“There will be no transactions or trade offs between Greece and Erdogan” says Kouvelis




The Greek government will not consent to any type of transaction with Turkey’s president that trades off the fate of the eight Turks in Greece against the return of the two Greek soldiers arrested and detained in Turkey, Alternate Defence Minister Fotis Kouvelis said on Monday, on the Thessaloniki radio station ‘Focus’.

“On no account will we enter into transactions with Erdogan on the level of trading off two different cases, the unacceptable detainment of our two troops and the case of the eight Turks,” Kouvelis said.

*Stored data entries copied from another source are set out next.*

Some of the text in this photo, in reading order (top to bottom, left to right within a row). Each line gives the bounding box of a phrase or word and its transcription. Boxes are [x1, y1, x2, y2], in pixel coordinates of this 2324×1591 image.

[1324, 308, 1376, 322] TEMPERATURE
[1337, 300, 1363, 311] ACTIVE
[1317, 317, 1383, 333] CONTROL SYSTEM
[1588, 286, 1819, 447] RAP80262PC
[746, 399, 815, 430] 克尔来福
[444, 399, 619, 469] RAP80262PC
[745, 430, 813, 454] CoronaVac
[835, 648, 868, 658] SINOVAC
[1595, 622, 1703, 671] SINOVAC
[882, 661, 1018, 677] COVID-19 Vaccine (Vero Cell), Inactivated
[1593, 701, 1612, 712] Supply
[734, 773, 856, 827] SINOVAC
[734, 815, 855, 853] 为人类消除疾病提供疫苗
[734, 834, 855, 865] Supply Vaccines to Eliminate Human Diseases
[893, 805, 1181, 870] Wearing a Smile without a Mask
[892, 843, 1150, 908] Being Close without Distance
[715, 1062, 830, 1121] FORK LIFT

He noted that the recent meeting between Turkish President Recep Tayyip Erdogan and Greek Prime Minister Alexis Tsipras “was the only time when, even though he referred to the eight Turkish servicemen, he did not directly link these two issues.”

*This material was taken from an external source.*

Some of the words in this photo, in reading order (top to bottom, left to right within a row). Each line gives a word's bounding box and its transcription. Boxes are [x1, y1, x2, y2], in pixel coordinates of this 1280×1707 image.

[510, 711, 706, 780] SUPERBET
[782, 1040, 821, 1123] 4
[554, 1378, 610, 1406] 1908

“My hope and the demand of the Greek government is for [the Greek soldiers’] swift return,” he added, while predicting that Erdogan would continue to follow a policy of escalating tension with Greece and continue to claim disputed territories in the Aegean and “grey zones”.
Kouvelis was referring to the two Greek soldiers arrested near the Turkish border in early March, while they were conducting a routine border patrol, and accused of illegally entering Turkish territory. The two are currently being held in Edirne Prison in Turkey and have not yet been formally charged.

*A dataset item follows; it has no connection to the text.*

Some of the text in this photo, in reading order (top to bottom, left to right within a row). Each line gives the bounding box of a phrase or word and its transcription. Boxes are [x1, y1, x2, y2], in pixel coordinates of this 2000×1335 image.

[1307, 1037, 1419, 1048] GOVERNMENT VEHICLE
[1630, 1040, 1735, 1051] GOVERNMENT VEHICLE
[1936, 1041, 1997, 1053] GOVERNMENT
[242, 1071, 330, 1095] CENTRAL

The eight Turks that Erdogan wants returned are eight former members of the Turkish military that fled to Greece following the failed coup in Turkey, who requested and were granted asylum by Greek courts.

On relations with Russia following the recent incident with the expulsion of two Russian diplomats, Kouvelis admitted that the current atmosphere in relations “was not that of a few months or years ago” while noting that Athens desires good relations with Moscow.

“The government would never come to the point of expelling two Russian diplomats unless there was evidence that fully justified our actions. The expulsion of the Russian diplomats was the results of actions they took that were deeply offensive,” Kouvelis said, adding that no foreign power, including the United States, had pressed Greece into taking this step.

He also denied that Athens had come under any pressure from Russia with respect to Prespes agreement, noting that Russia was among the few countries that sped to recognised FYROM’s constitutional name in 1992.